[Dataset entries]
***
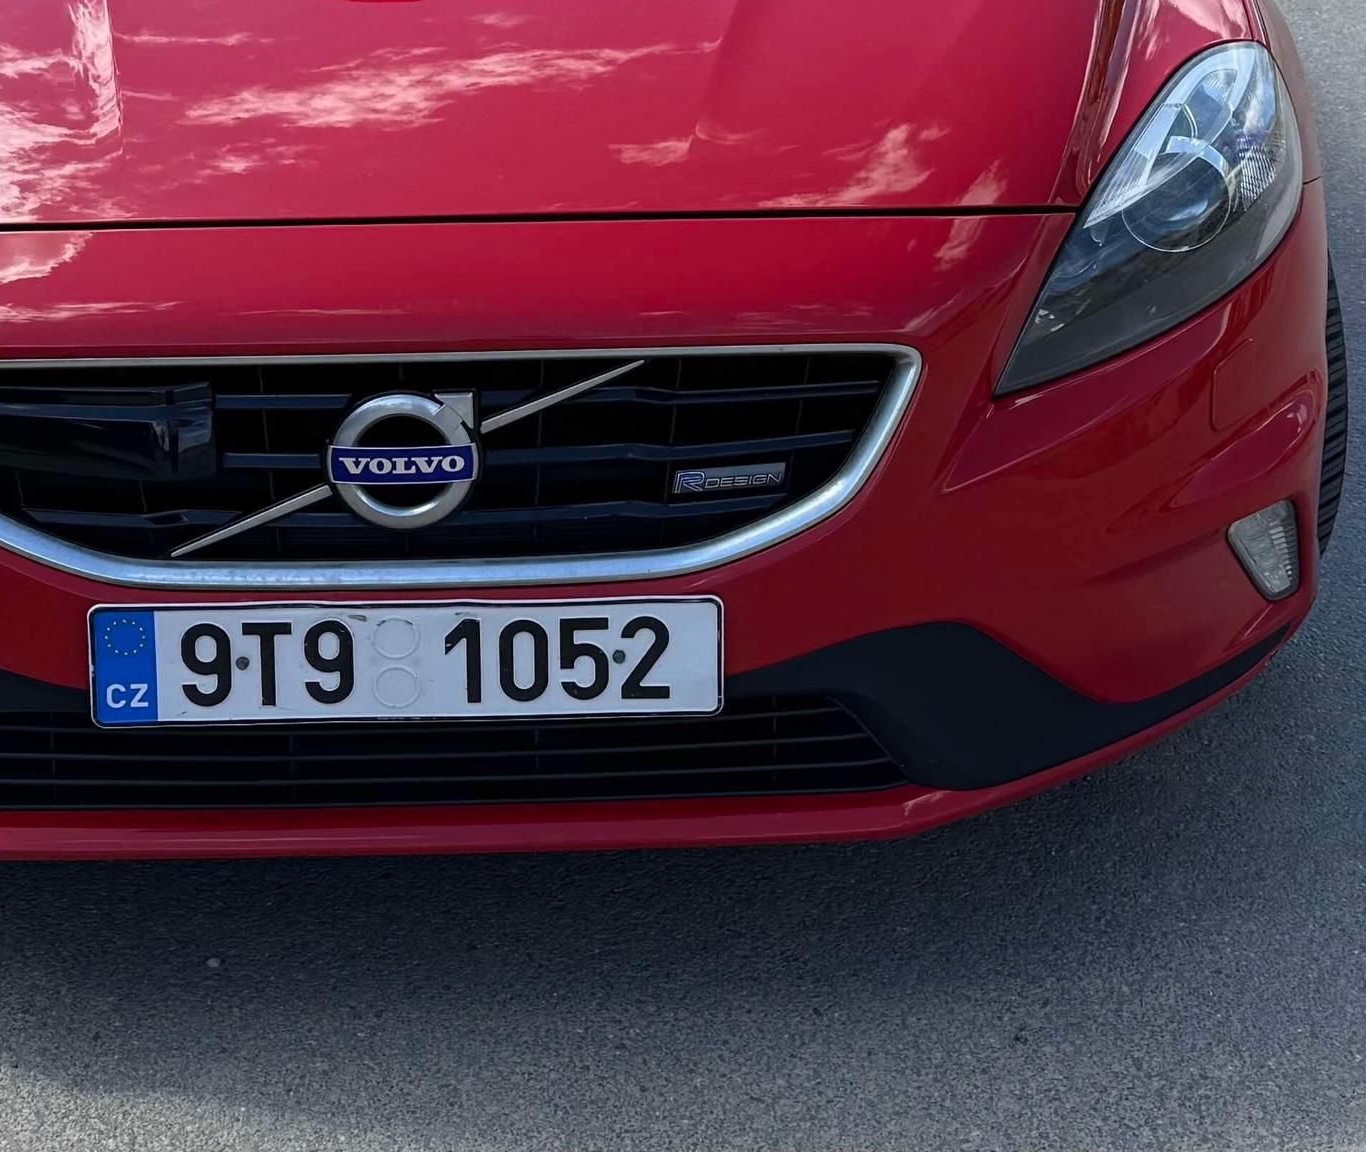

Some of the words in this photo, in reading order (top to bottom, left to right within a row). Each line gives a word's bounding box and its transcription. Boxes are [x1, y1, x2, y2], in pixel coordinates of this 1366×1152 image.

[338, 455, 465, 475] VOLVO
[105, 683, 150, 709] CZ
[180, 619, 355, 707] 9T9
[444, 616, 671, 703] 1052
***
* _Exercise aim_: Copy every line above exactly, leaving no picture in the copy.

* _Exercise response_:
Some of the words in this photo, in reading order (top to bottom, left to right within a row). Each line gives a word's bounding box and its transcription. Boxes are [x1, y1, x2, y2], in pixel coordinates of this 1366×1152 image.

[338, 455, 465, 475] VOLVO
[105, 683, 150, 709] CZ
[180, 619, 355, 707] 9T9
[444, 616, 671, 703] 1052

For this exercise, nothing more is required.